A deep breath. Now. Melanie slipped out of the room and crawled under a rotting walkway, indented and bowed from a million hoof-prints. She paused, looking through the cascade of tumbling water. Kielle… Where are you? You think you can stab him and just vanish? You and your damn comic books!
She slipped through the water – it was freezing cold and slimy. Shivering in disgust, she made her way into the cavernous room.
What would the girl do? Circle around, she supposed, come up behind him, stab him in the back. Past the machinery, rusting scraps of metal and rotting wood. Piles of chains and meat hooks, stained with blood and barbed with sharp bits of dried flesh. The vats were disgusting. From them emanated a sickening smell and Melanie couldn't rid her mind of the image of animals sinking down into simmering fat and fluid. She felt her gorge rising, started to retch.
No! Be quiet! The least sound'll tell them you're here.
She struggled to control herself, dropping to her knees to breathe the cool moist air from the floor.
Glancing under the legs of a large guillotine, its angular blade rusty and pitted, Melanie saw the little girl's shadow across the room as she scrambled from one column to another.
Melanie started forward quickly. And got only two feet before she felt the numbing thud of her shoulder running into a piece of steel pipe, six feet long, resting against a column. It began a slow fall to the floor.
No!
Melanie flung her arms around the pipe. It must have weighed a hundred pounds.
I can't hold it, can't stop it!
The pipe fell faster, pulling her after it. Just as her grip was about to go she dropped to the floor, rolled under the rusty metal, and took the impact of it on her tensed stomach muscles. She gasped at the pain that surged through her body, praying that the wind and the cascade of water made enough noise to cover the grunting from her throat. She lay stunned for a long moment.
Finally she managed to ease out from underneath the pipe and roll it to the floor – silently, she hoped.
Oh, Kielle, where are you? Don't you understand? You can't kill them all. They'll find us, they'll kill us. Or Bear'll take us into the back of the factory. Haven't you seen his eyes? Don't you know what he wants? No, you probably don't. You don't have a clue -
She risked a look toward the front of the room. The attention of the men was mostly turned toward the TV. Occasionally Bear glanced at the killing room but didn't seem to notice that two of the captives were missing.
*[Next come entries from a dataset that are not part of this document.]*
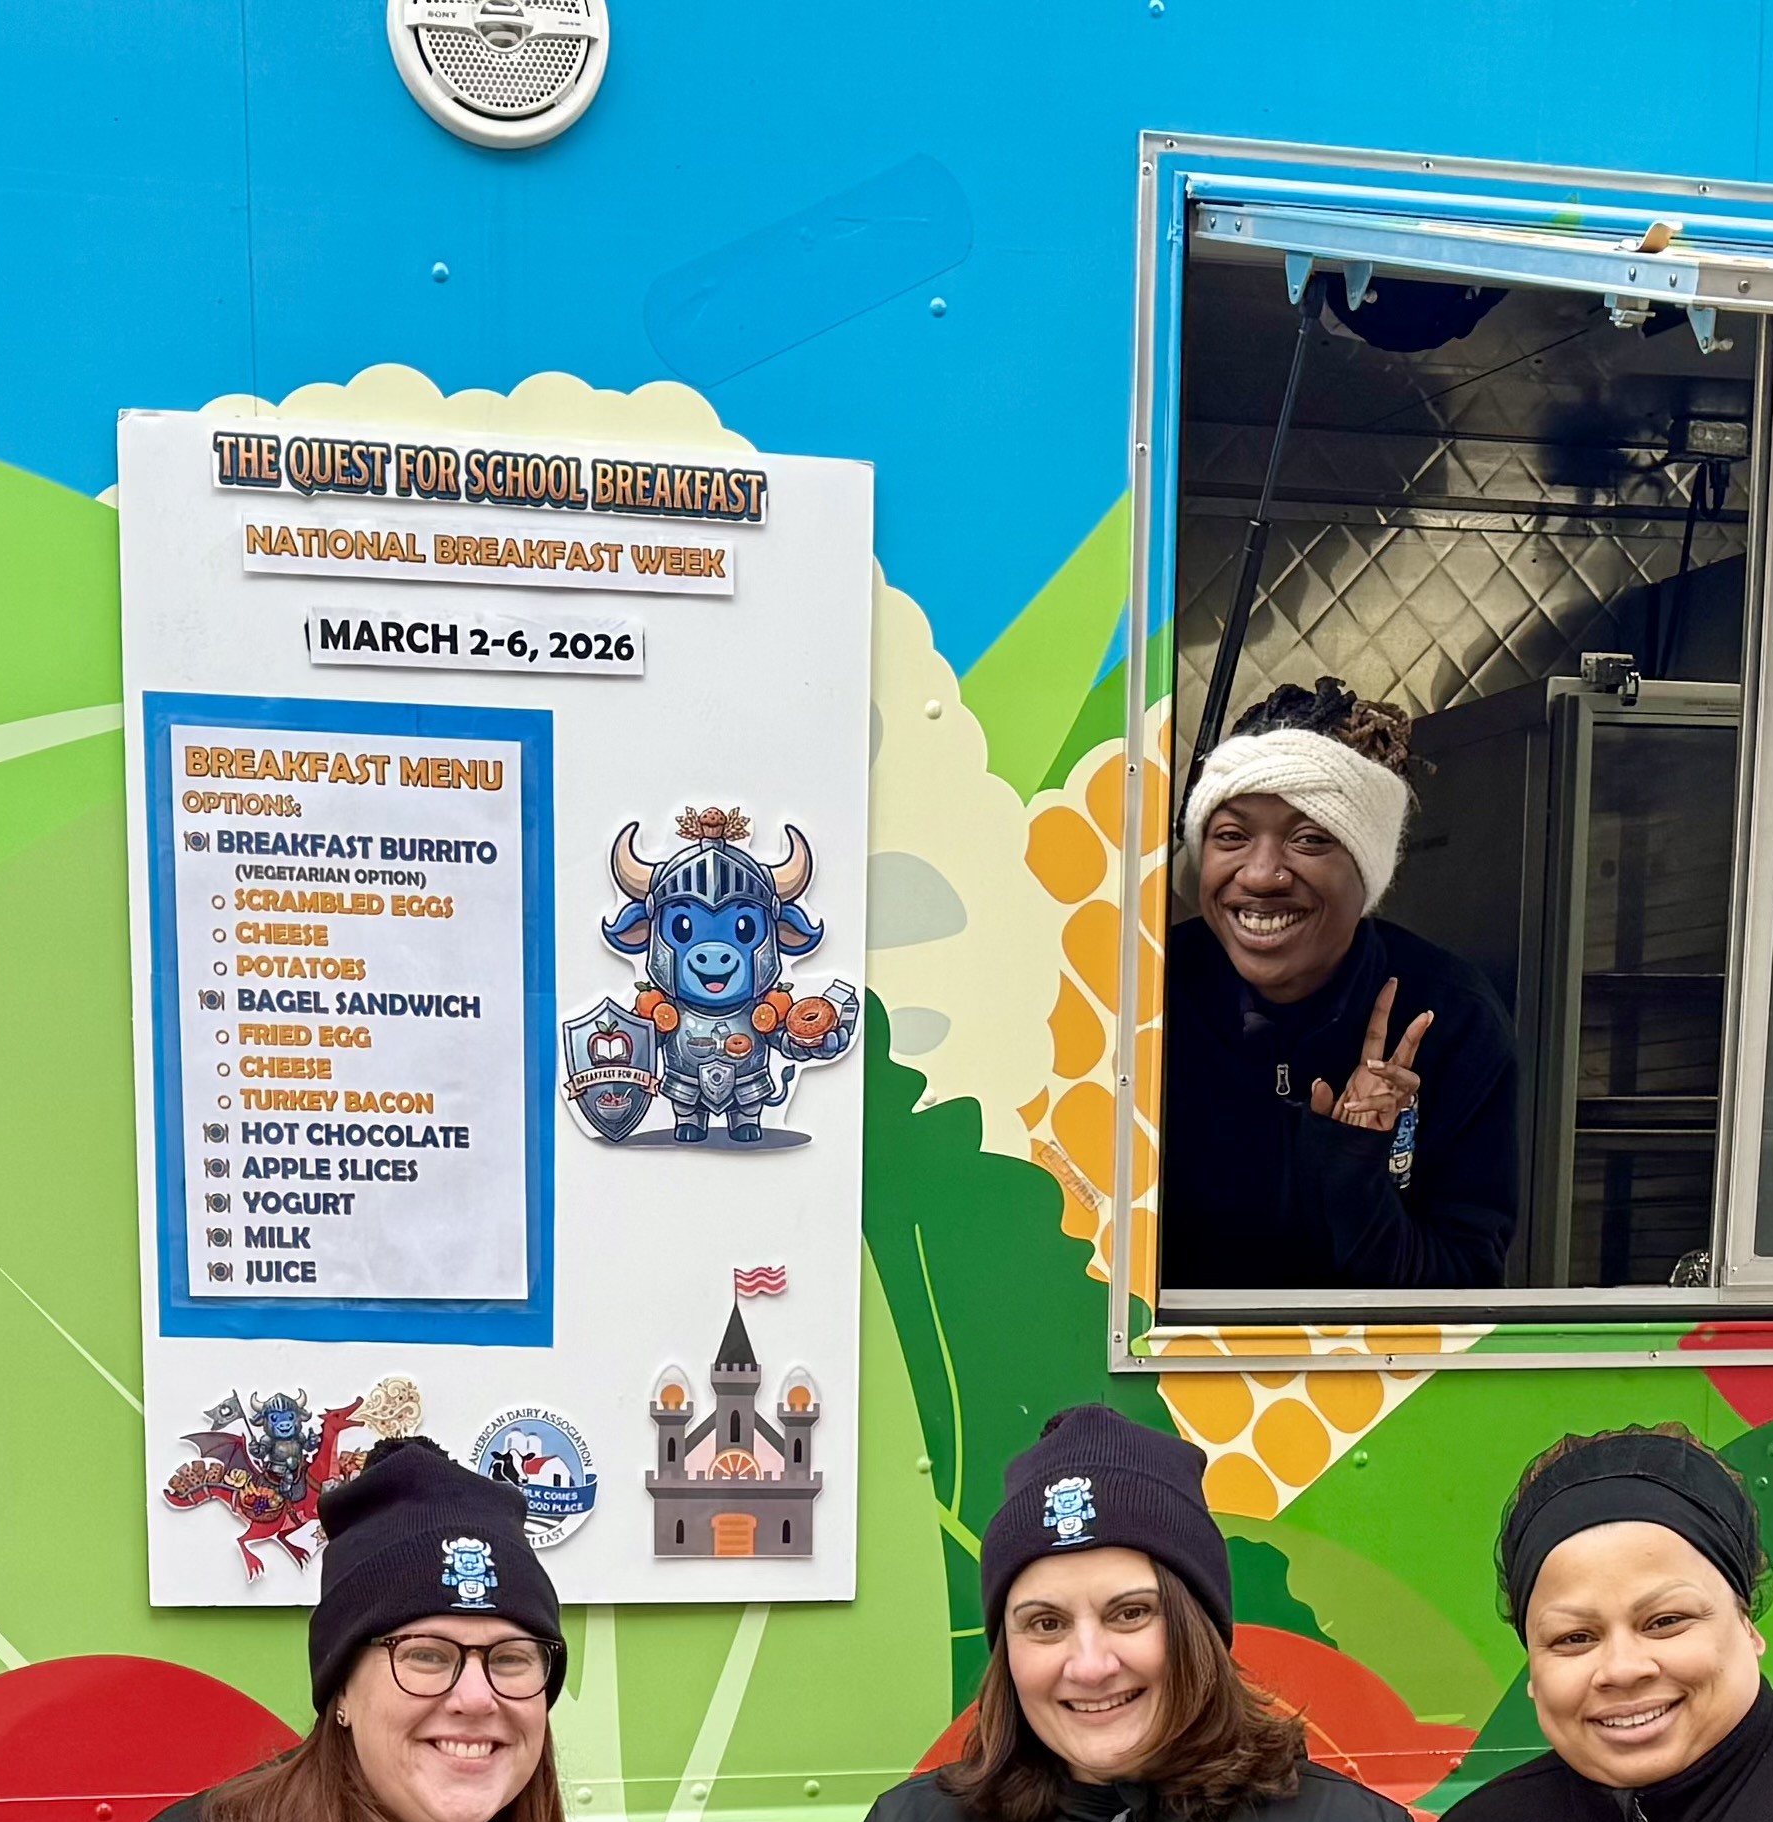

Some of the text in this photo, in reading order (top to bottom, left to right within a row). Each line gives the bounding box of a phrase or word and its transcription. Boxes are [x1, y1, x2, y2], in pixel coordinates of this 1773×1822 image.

[215, 432, 767, 521] THE QUEST FOR SCHOOL BREAKFAST
[245, 524, 727, 579] NATIONAL BREAKFAST WEEK
[320, 619, 636, 663] MARCH 2-6, 2026
[184, 745, 504, 791] BREAKFAST MENU
[182, 790, 303, 818] OPTIONS:
[217, 830, 497, 865] BREAKFAST BURRITO
[235, 864, 427, 889] (VEGETARIAN OPTION)
[235, 889, 454, 919] SCRAMBLED EGGS
[235, 921, 329, 947] CHEESE
[236, 955, 367, 981] POTATOES
[237, 989, 481, 1018] BAGEL SANDWICH
[238, 1023, 372, 1048] FRIED EGG
[239, 1056, 333, 1080] CHEESE
[240, 1088, 435, 1115] TURKEY BACON
[241, 1122, 471, 1149] HOT CHOCOLATE
[242, 1156, 418, 1183] APPLE SLICES
[243, 1191, 356, 1216] YOGURT
[244, 1226, 312, 1250] MILK
[245, 1260, 317, 1285] JUICE
[468, 1408, 593, 1467] AMERICAN DAIRY ASSOCIATION
[527, 1501, 584, 1512] OOD PLACE
[543, 1491, 578, 1501] COMES
Glancing again beneath the legs of the machinery, Melanie caught a glimpse of blond hair. There she was, Kielle, making her way inexorably toward the three men near the window. Crawling, a smile on her face. She probably did think she could kill all three.
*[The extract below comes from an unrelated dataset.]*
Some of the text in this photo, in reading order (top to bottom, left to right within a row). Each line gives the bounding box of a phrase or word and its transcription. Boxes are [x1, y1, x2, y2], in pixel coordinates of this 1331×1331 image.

Struggling to catch her breath from the blow of the pipe, Melanie scrabbled down a corridor, hid behind a rusted column. She turned the corner and saw the blond girl, only twenty or thirty feet from Brutus, whose back was to her as he continued to gaze out the window. His hand casually gripping Shannon's collar. If any one of the three men had stood and walked toward the girl, they'd only have to look down over one of the large vats, which lay on its side, to see her.